Moran, too, was allowed to stay open, but later learned she’d be written up in an inspection report and a return visit was already scheduled. This time, instead of coming on Super Bowl Sunday, her wine tasting room would be interrogated by its own county on Valentine’s Day.
The reason? The sign on COVID regulations posted in her tent had apparently blown away at some point in the recent weeks California had shut them down entirely; she only noticed it was missing Sunday night. Chhabra, whom Moran says authored this report, apparently never mentioned a word about the sign on the inspection report she filed.
Before Thief & Barrel, Moran says, Chhabra had visited Antelope Valley Winery a mile and a half down the road, where the owners have shared a similarly frustrating exchange over rules the enforcer didn’t seem to understand. That incident as well, fortunately, ended with the business remaining open.
“The costs we’ve incurred trying to meet all the protocol requirements, jumping through hoops and constantly on guard,” Moran tells The Federalist, “is exhausting.”
Inspectors “who apparently don’t have a clue about what the rules are… seem to be a trend,” Bart says. “Several months ago we got a visit from a different inspector who insisted that once a customer paid for a meal and got their glass of beer, if they ultimately wanted another glass of beer, they would need to purchase another meal. Again, why in the hell is the country sending out people who don’t have a clue what the rules are?”
Chhabra’s supervisor that day, Patrick Chun, has since spoken with both Moran and Bart Avery. He apologized “for the miscommunication,” and listened to their struggles with the ever-changing regulations. Neither Moran nor Avery, however, is confident anything will change. This new normal has gone on for nearly a year already, and the Department of Health did not respond to an email requesting comment.
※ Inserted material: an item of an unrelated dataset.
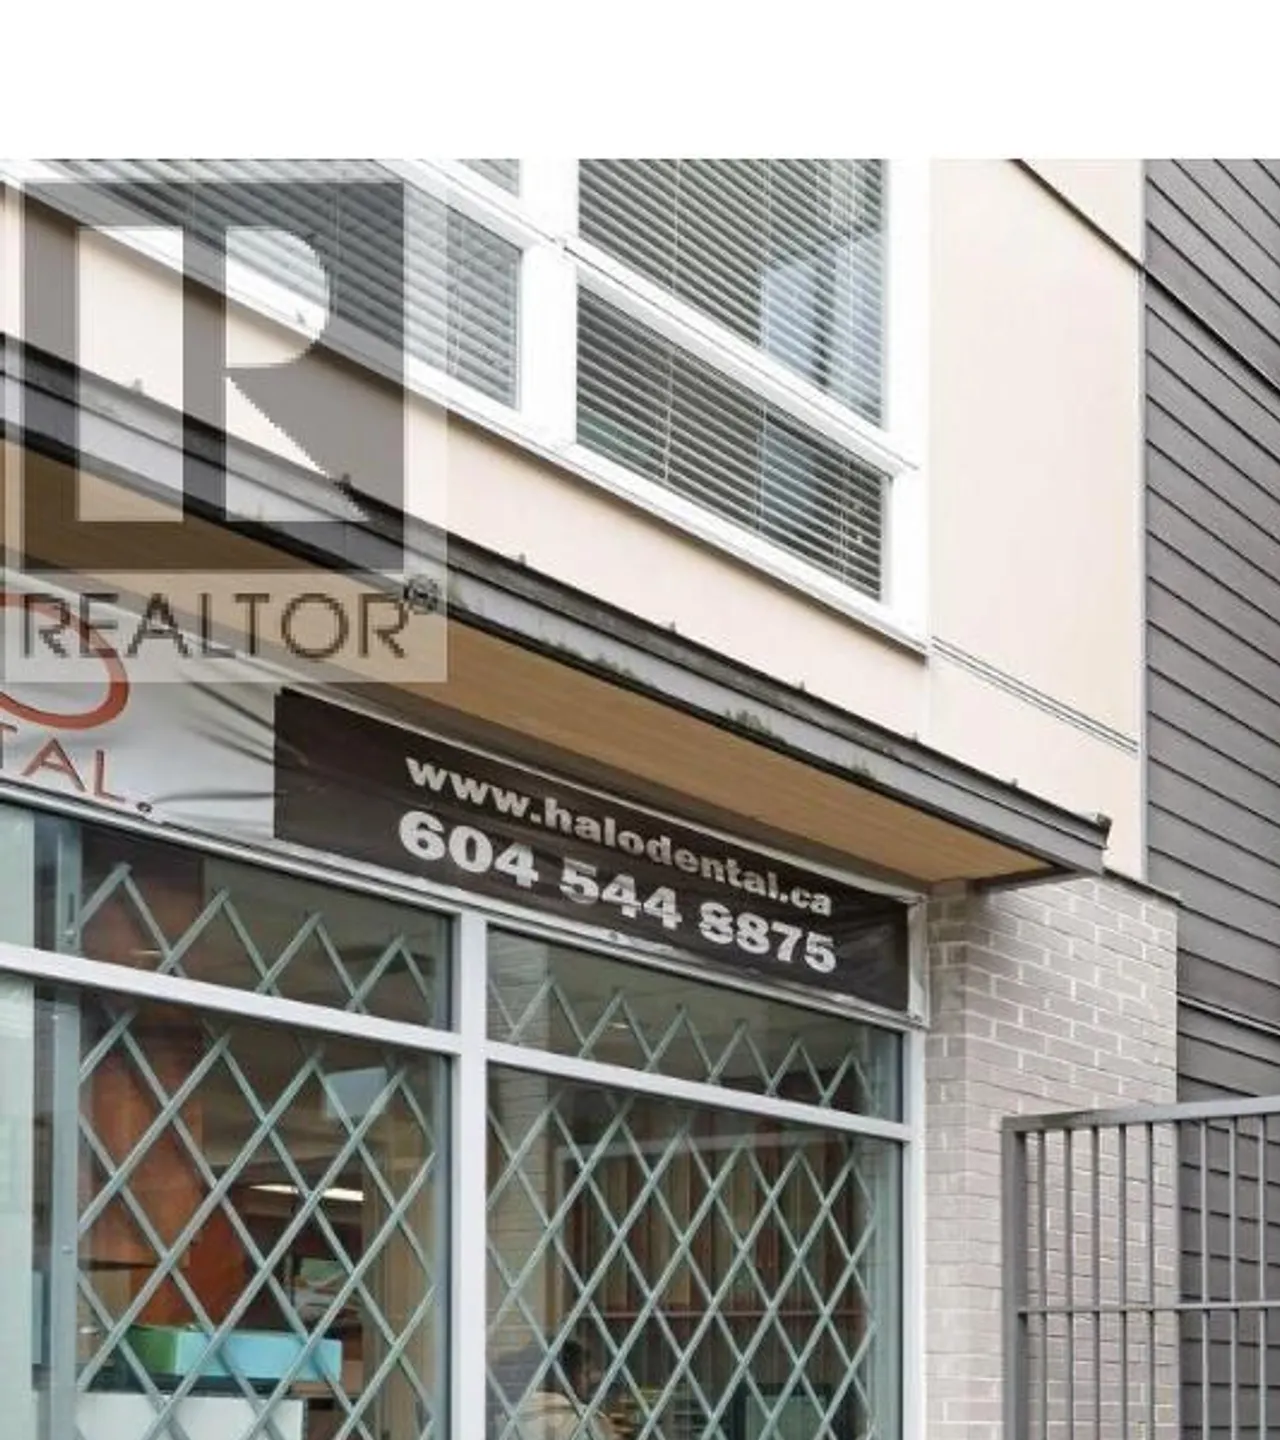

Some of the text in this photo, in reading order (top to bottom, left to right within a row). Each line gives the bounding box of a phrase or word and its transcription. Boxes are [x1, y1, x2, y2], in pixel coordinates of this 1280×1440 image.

[399, 810, 838, 974] 604 544 8875
[405, 756, 833, 916] www.halodental.ca
“We have been decimated by the crazy mandates, shutdowns, re-openings, shutdowns, et cetera from our governor and from the Los Angeles County folks. The craziest mandate was from several months, the county mandated that customers needed to make reservations at breweries — the only ones targeted — 24 hours in advance. People normally go spontaneously to breweries, so that was ridiculously out of touch with reality. I called a contact I have in Los Angeles County Supervisor Barger’s office and asked if the 24-hour reservation mandate could be lifted because it was unworkable. I was told by this person to just ignore it. What the h-ll?”
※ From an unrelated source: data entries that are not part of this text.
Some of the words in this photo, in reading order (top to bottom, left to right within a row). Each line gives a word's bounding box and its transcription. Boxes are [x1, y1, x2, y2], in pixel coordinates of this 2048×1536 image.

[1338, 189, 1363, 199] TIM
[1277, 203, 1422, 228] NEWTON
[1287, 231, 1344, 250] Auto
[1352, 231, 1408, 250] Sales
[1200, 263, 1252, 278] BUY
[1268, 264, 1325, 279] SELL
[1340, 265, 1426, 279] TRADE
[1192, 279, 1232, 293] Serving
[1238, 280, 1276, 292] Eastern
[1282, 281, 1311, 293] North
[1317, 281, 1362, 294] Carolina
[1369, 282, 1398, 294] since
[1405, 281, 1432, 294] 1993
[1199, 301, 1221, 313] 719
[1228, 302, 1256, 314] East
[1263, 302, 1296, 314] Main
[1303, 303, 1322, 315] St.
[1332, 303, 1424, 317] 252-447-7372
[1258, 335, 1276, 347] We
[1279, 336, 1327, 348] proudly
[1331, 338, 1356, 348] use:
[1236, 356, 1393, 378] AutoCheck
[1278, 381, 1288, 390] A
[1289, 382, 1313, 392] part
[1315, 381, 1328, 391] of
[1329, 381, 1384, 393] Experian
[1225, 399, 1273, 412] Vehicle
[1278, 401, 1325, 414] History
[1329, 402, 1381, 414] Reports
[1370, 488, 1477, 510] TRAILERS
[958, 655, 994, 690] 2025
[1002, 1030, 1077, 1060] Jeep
While food was never in the game plan, Bart says he’s building a costly pizza kitchen. It isn’t likely to be ready until the end of the month, so the food trucks have been needed. Indeed, the county even regulates what meets the standard of a “bonafide meal” each group of customers is required to buy if they would like to order beer. All this, we’re told, fights COVID.
“If they truly were supporting us, wanting to help small businesses,” Moran says, “they would not show up on Super Bowl Sunday, Valentine’s Day, or other days where we are trying to create a ‘new normal’ with our customers. Having ‘the authorities’ roll through our place of business with their name tag and clipboard isn’t how we plan to let our customers know that things are going to be OK, we’re going to make it, they can count on us.”
“We are all doing our best to follow COVID protocols to keep our customers, employees, and ourselves safe. None of us want to be sick, but we also don’t want to lose our business.”
All the regulations and rules are ” just devastating,” Bart says, “and we’re just a small family-owned brewery that’s just trying to struggle to survive… The county has just been no help whatsoever.”